Ben Lindberg, first vice-president of Nordea Finance, adds that
“the growth rate of leasing is slowing down in line with overall
economic conditions, but it varies among the national markets. For
example, the business is still growing at a good rate in
Norway”.
Nordic recession
The Nordic region has not seen an economic recession since the
1990-92 period. In that respect its experience matches that of the
UK, but when it comes to the impact of economic pressures on the
financial sector, including the parent banks of major lessors,
there have been significant differences.
Last time around the Scandinavian banks bore the brunt of the
economic troubles. Some of the largest banks in all of the Nordic
countries collapsed in the early 1990s, and the subsequent
consolidations resulted in part from state rescues and subsequent
re-privatisations of major distressed banks.
In the present credit crunch, however, Scandinavian banks appear
comparatively robust.
Alun Richards, partner at the leasing consultancy The Alta
Group, remarks: “The parent banks of some significant players in
European leasing markets, such as RBS, SocGen and some German
banks, have taken big losses on mortgage-backed securities or other
financial market derivative products.
“The Scandinavian banks seem to have avoided this. Even after
the credit crunch they will still probably dominate most of the
regional leasing market, although they are not particularly good at
packaging a competitive finance product in a service-inclusive
deal.”
The potential market for leasing in the Nordic region seems
unlikely to grow anything like as fast in the immediate future as
it has in recent years. The table below also shows forecasts for
the investment in equipment – or, where this is unavailable, total
fixed investment including construction – in each country.

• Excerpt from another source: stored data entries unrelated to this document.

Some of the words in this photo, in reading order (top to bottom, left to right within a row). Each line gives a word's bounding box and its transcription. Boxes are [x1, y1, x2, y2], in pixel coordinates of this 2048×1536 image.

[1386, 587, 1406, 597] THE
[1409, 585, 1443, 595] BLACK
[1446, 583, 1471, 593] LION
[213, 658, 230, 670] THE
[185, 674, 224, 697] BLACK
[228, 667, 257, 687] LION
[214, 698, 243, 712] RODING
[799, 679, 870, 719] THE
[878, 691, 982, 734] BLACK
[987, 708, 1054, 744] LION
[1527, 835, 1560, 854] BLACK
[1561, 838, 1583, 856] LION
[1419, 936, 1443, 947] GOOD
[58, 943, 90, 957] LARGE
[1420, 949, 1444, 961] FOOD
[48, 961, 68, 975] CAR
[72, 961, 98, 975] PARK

These suggest that Denmark faces a real contraction in equipment
demand next year, while the other countries may see continuing
growth but at a much slower rate.
Penetration rates
There is, of course, always potential for leasing to take a
higher share of total investment. From the available indications,
there would seem to be some variation among the Nordic countries in
the proportion of total equipment currently sold on lease.
In Sweden the “leasing penetration” rate may be as high as 20
percent, and in Norway somewhere in the 15-20 percent range – but
in Denmark and Finland it is understood to be nearer 10
percent.
“Leasing penetration is an inexact science, but all the
indications suggest that the share of leasing in the total market
for capital equipment finance is probably growing across the
Scandinavian region,” explains Richards.
“It seems to be presently highest in Sweden where it is nearly
at the UK level.”
International players
As in some other parts of Europe, a large proportion of all
leasing business in Scandinavia is arranged at the point of sale.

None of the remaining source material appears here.